Exercise: Only a verbatim restatement of the lines from the one with "Some of the words" through the end of the listing below is wanted. Pictures should be left out.

Data for this task:
┏━━

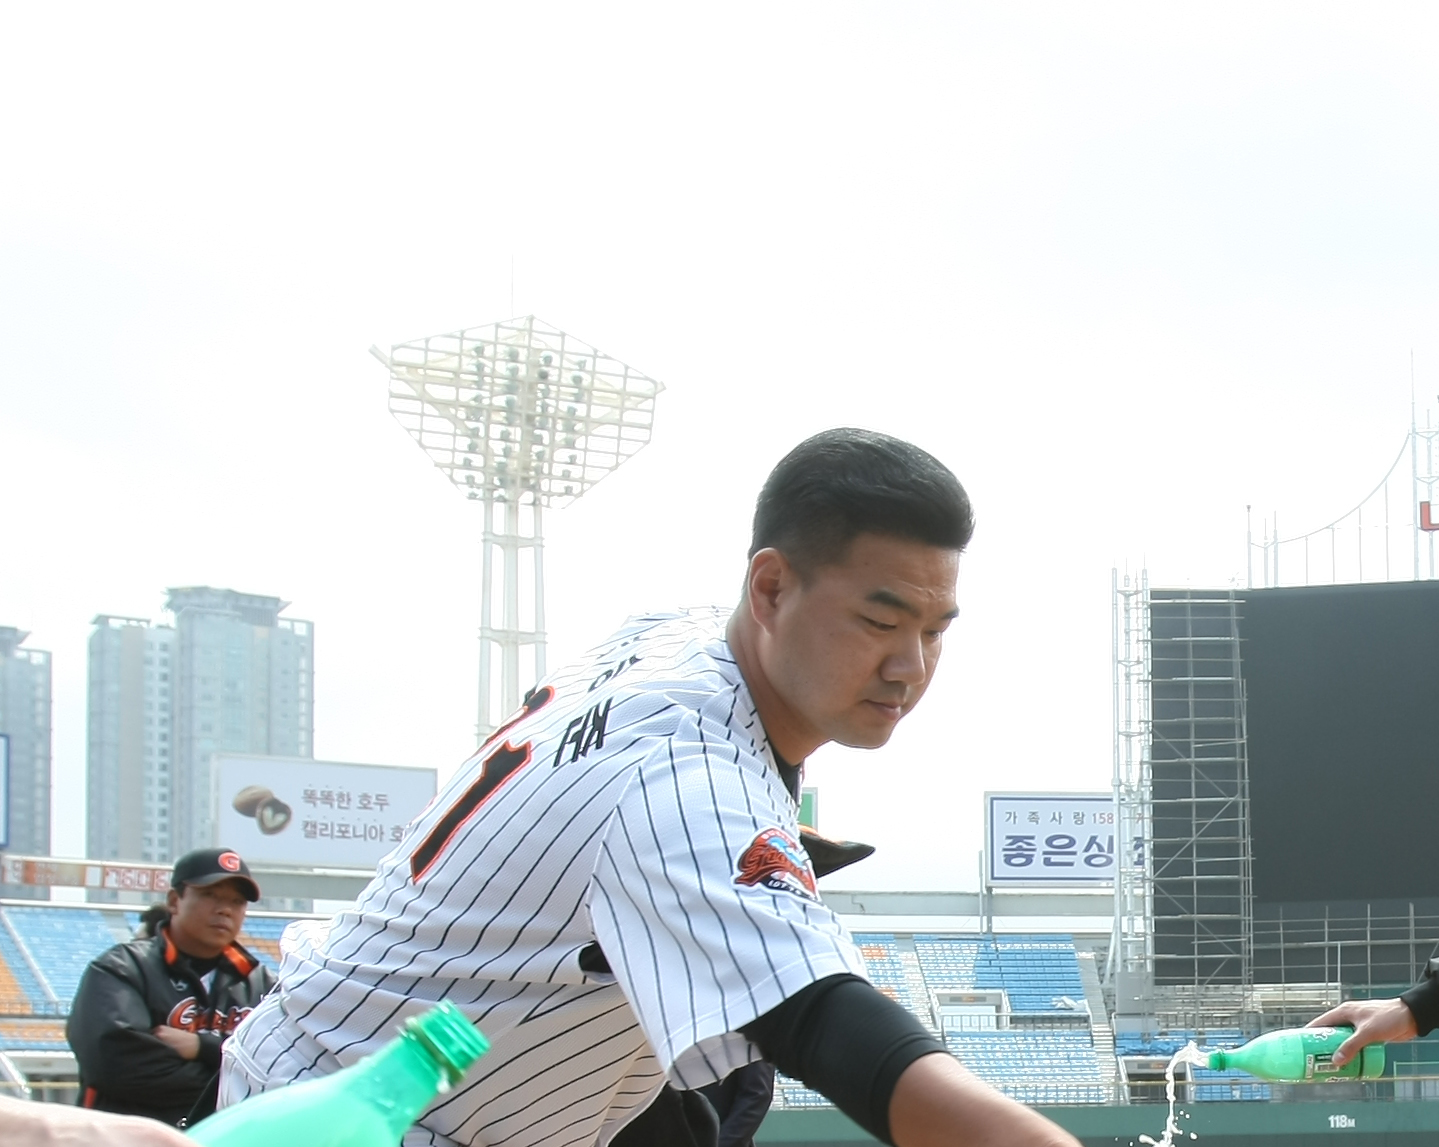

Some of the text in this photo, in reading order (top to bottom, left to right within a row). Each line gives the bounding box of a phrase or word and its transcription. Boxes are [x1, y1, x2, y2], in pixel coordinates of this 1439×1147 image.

[357, 793, 389, 811] 호두
[302, 821, 405, 842] 캘리포니아 호
[218, 852, 241, 872] G
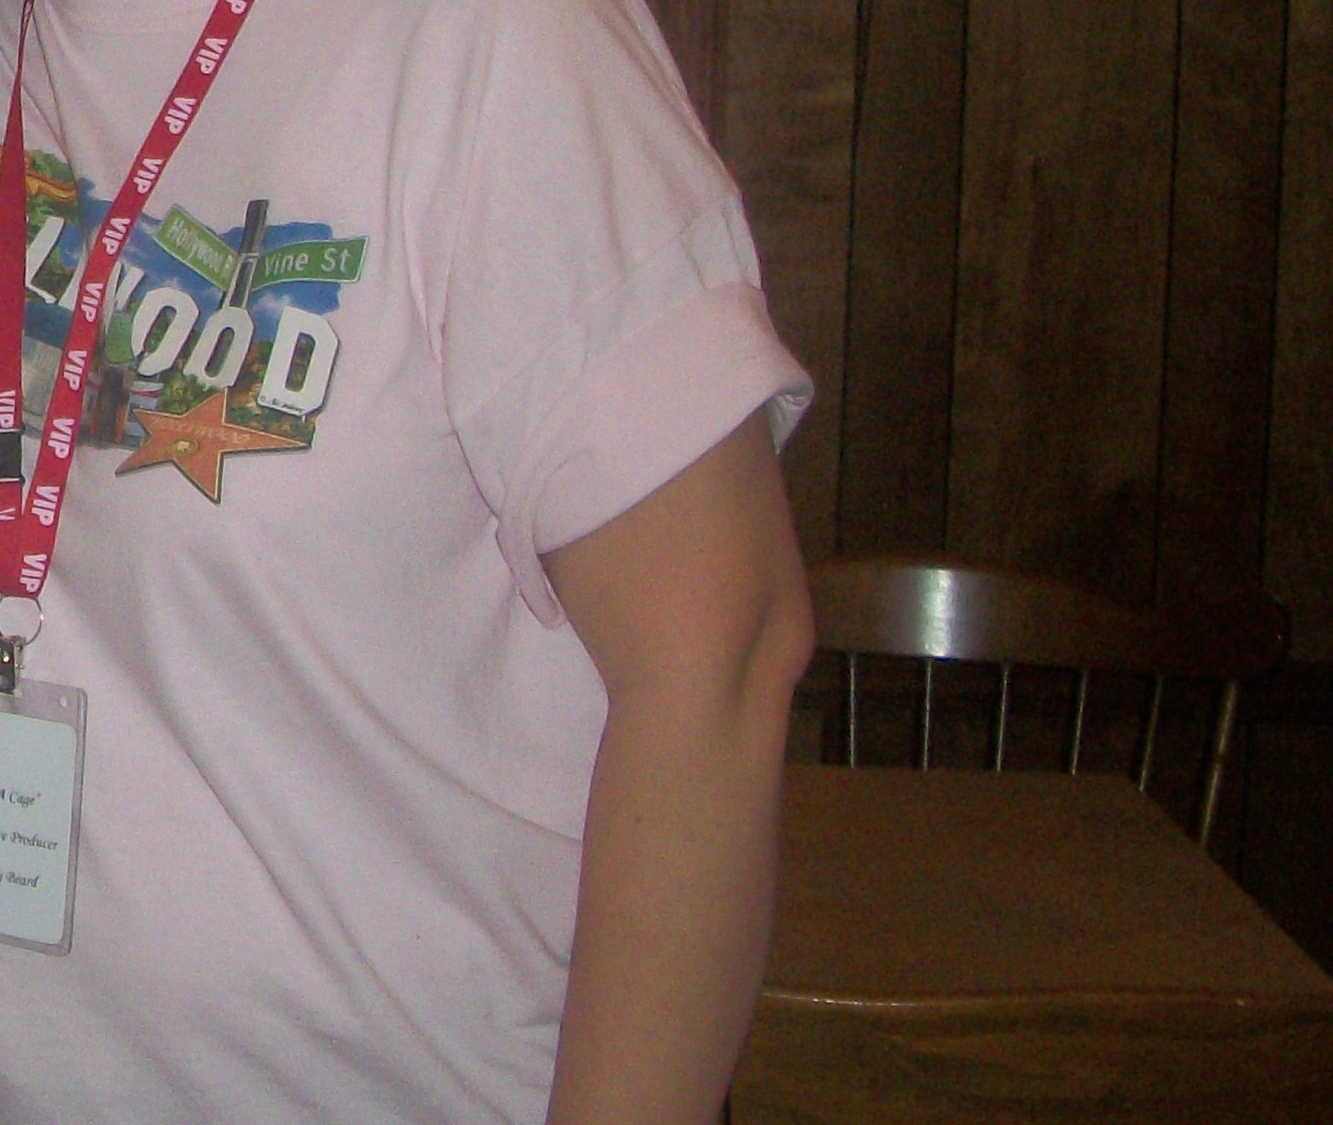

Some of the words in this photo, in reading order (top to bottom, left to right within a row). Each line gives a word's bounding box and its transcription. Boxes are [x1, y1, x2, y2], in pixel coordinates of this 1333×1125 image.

[195, 37, 228, 75] VIP
[164, 97, 197, 135] VIP
[134, 157, 164, 195] VIP
[101, 217, 131, 255] VIP
[265, 252, 309, 277] Vine
[321, 248, 351, 273] St
[81, 282, 104, 322] VIP
[63, 350, 87, 391] VIP
[47, 418, 75, 459] VIP
[31, 485, 60, 526] VIP
[19, 553, 47, 593] VIP
[12, 831, 59, 851] Producer
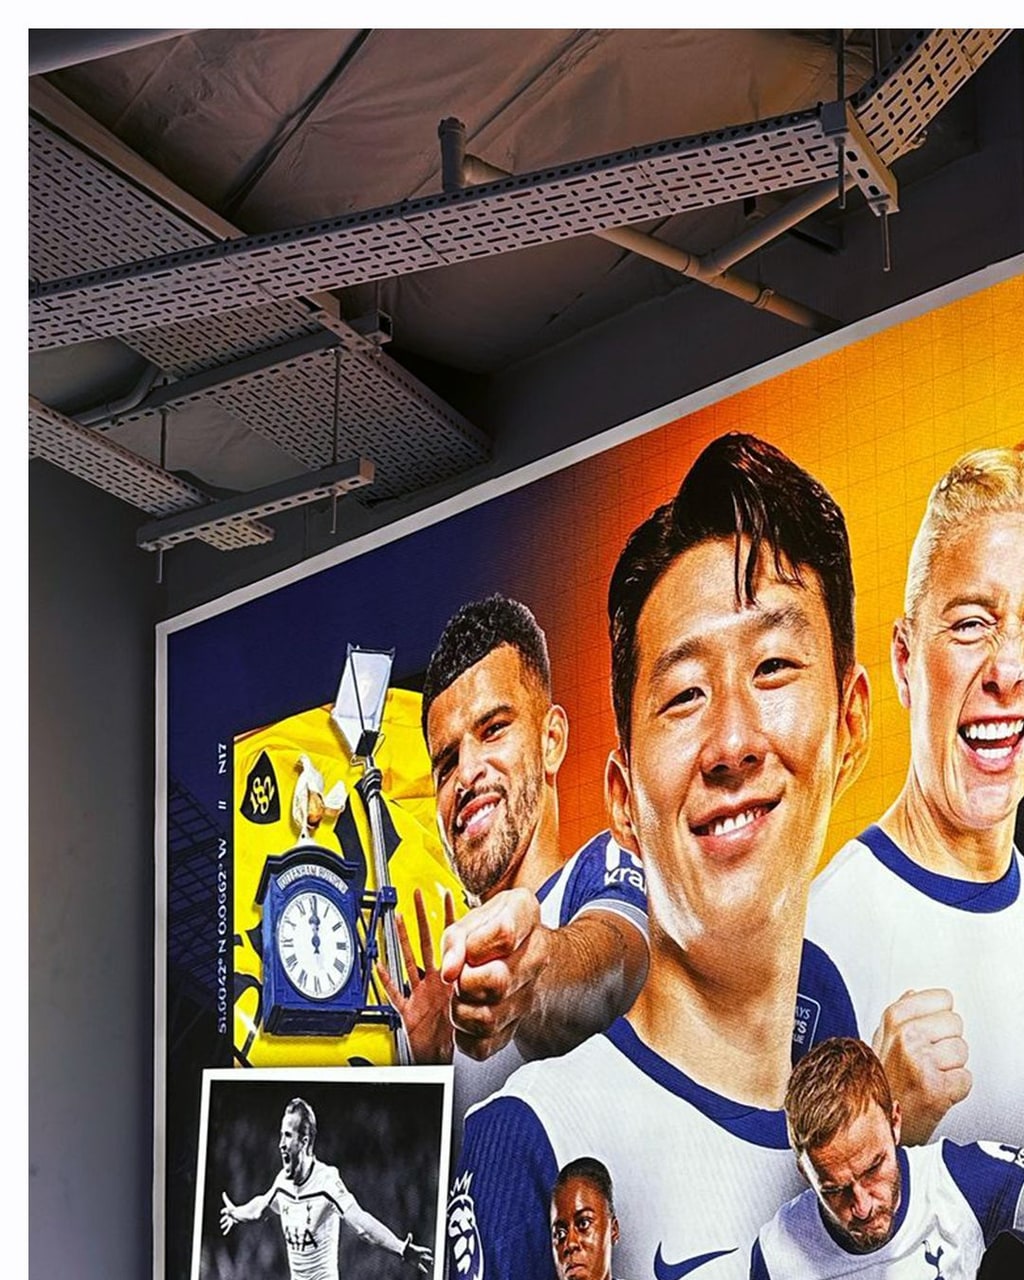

┗━━

Result of this task:
Some of the words in this photo, in reading order (top to bottom, left to right within a row). Each line gives a word's bounding box and its transcription. Boxes are [x1, y1, x2, y2], in pixel coordinates of this 1333×1125 image.

[195, 37, 228, 75] VIP
[164, 97, 197, 135] VIP
[134, 157, 164, 195] VIP
[101, 217, 131, 255] VIP
[265, 252, 309, 277] Vine
[321, 248, 351, 273] St
[81, 282, 104, 322] VIP
[63, 350, 87, 391] VIP
[47, 418, 75, 459] VIP
[31, 485, 60, 526] VIP
[19, 553, 47, 593] VIP
[12, 831, 59, 851] Producer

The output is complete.